Group actions and Sylow theorems

If a positive integer $m$ divides the order of a finite group $G$, does $G$ have a subgroup of order $m$? The answer is true for finite abelian groups, but it is not true for arbitrary groups. Sylow theorems discuss this situation when $m$ is a prime power.

Before discussing Sylow theorems, we first discuss group actions.
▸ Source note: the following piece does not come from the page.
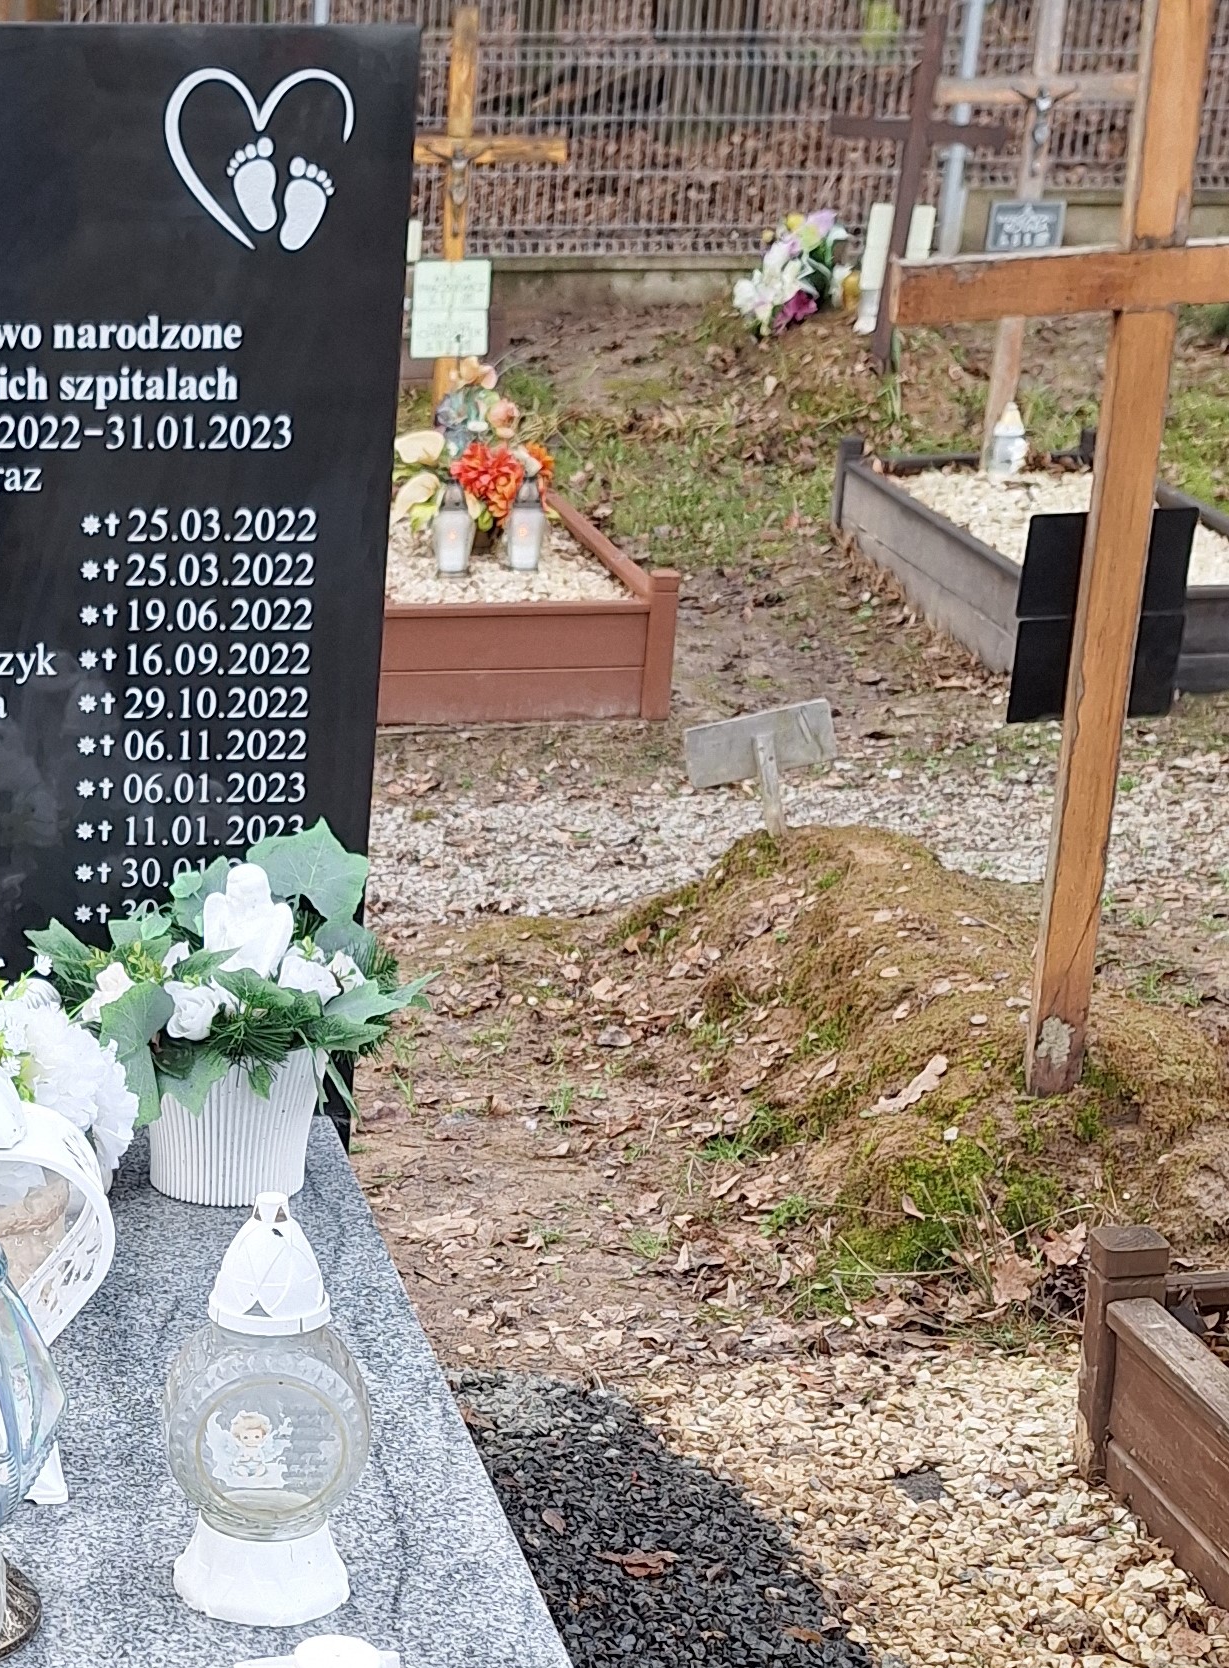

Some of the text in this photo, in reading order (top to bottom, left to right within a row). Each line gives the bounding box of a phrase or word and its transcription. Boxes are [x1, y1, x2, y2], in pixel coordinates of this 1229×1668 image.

\begin{definition} An action of a group $G$ on a set $S$ is a function $G \times S \to S$ denoted $(g,x) \mapsto gx$ such that $\forall x \in S, \forall g_1, g_2 \in G, ex = x$ and $(g_1 g_2)x = g_1 (g_2 x)$. When such an action is given, we say that $G$ acts on the set $S$. \end{definition}

Let $G$ is a group and $H \leq G$, the action of group $H$ on the set $G$ where $(h,x) \mapsto hx$ is the product on $G$ is called a left translation. The action of $H$ on $G$ where $(h,x) \mapsto h x h^{-1}$ is called conjugation by $h$ and the element $h x h^{-1}$ is said to be a conjugate of $x$. If $K$ is any subgroup of $G$ and $h \in H$, $hKh^{-1} \cong K$. Thus $H$ acts on the set $S$ of all subgroups of $G$ by conjugation $(h,K) \mapsto hKh^{-1}$. The group $hKh^{-1}$ is said to be conjugate to $K$.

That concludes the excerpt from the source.